Based on the data compiled in the study, the researchers prospectively came up with genetic risk scores for evaluating blood lipid levels in three large cohorts — the Northern Finnish Birth Cohort, the Rotterdam Study, and the monozygotic twins study. The team was able to glean associations between loci identified in the study and clinical outcomes, including atherosclerosis and coronary heart disease, when they looked at the Rotterdam Study, the cohort containing the oldest participants.
“We can be confident that the increased understanding of the control of lipid levels that will come from these genetic discoveries will, in time, lead to improved ways of treating and preventing heart disease and stroke,” co-author Mark McCarthy, a diabetes researcher at the University of Oxford, said in a statement.
Finally, an international team of researchers hunted for genes influencing lipoprotein concentrations by compiling data from seven GWA studies involving nearly 20,000 individuals. After validating their results in an even larger group of individuals, the team highlighted 30 loci — 11 of them new — that seem to influence lipid levels.
“Finding new gene regions involved in lipid levels could improve our understanding of cholesterol regulation, help identify individuals who are at greater risk for heart disease, and point out new targets for drugs to control cholesterol levels,” lead author Sekar Kathiresan, director of preventive cardiology at the Massachusetts General Hospital, said in a statement.

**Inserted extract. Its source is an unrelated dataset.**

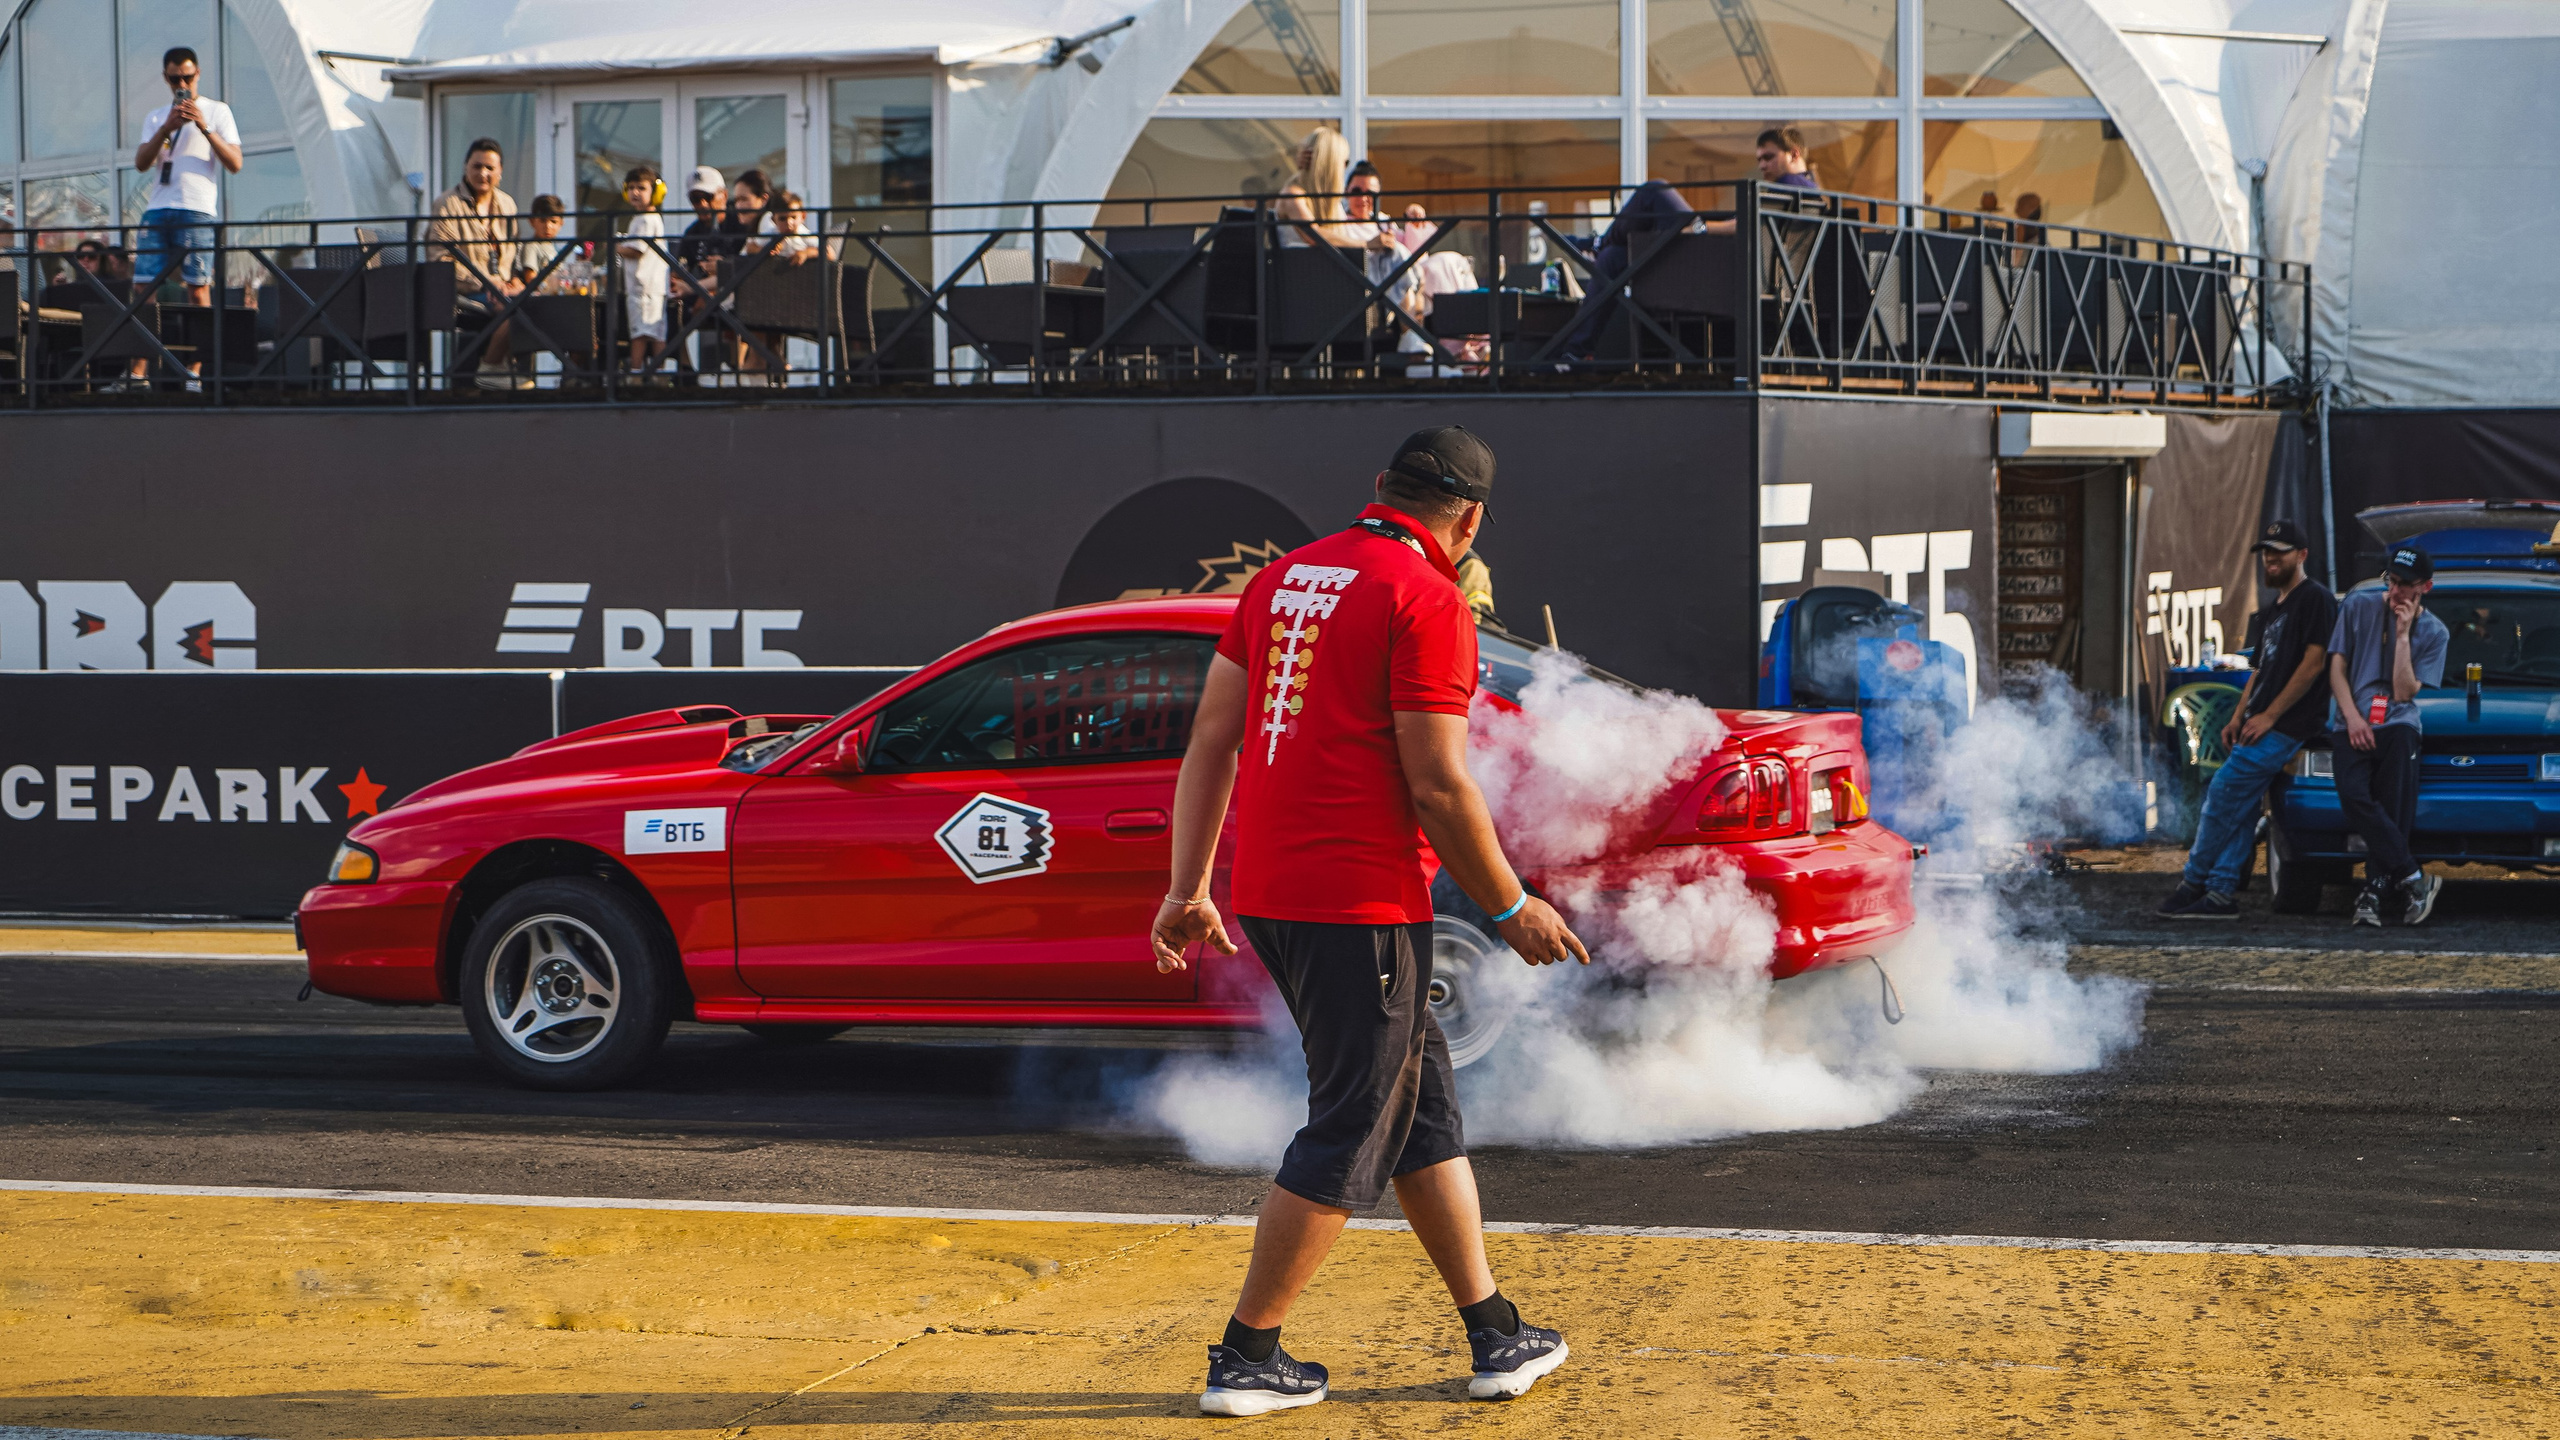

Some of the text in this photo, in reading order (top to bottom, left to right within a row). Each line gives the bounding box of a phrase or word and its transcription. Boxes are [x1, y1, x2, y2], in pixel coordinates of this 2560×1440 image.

The researchers compiled data on 19,840 individuals from seven GWA studies, including the Framingham Heart Study, to look for new genetic variants associated with blood low-density lipoprotein levels, high-density lipoprotein levels, and triglyceride levels. They replicated their results using data from five other studies representing as many as 20,623 additional individuals.
Overall, they found 30 loci that were associated with lipoprotein concentration. Among them, 11 new loci influence low density lipoprotein levels. Because rare mutations in some of these genes have been previously implicated in cholesterol disorders and/or type 2 diabetes, the researchers noted that it will be important to tease apart the impact of both rare and common mutations on gene function — as well as the long-term consequences of such mutations.
“With rare mutations, gene function is usually completely abolished, but these common variants appear to affect the quantity but not necessarily the quality of protein being produced,” Kathiresan said. “We are currently designing studies to test whether individuals inheriting several of these lipid risk genes really are at higher risk for heart attack and whether they are more likely to benefit from cholesterol-lowering treatments like statins.”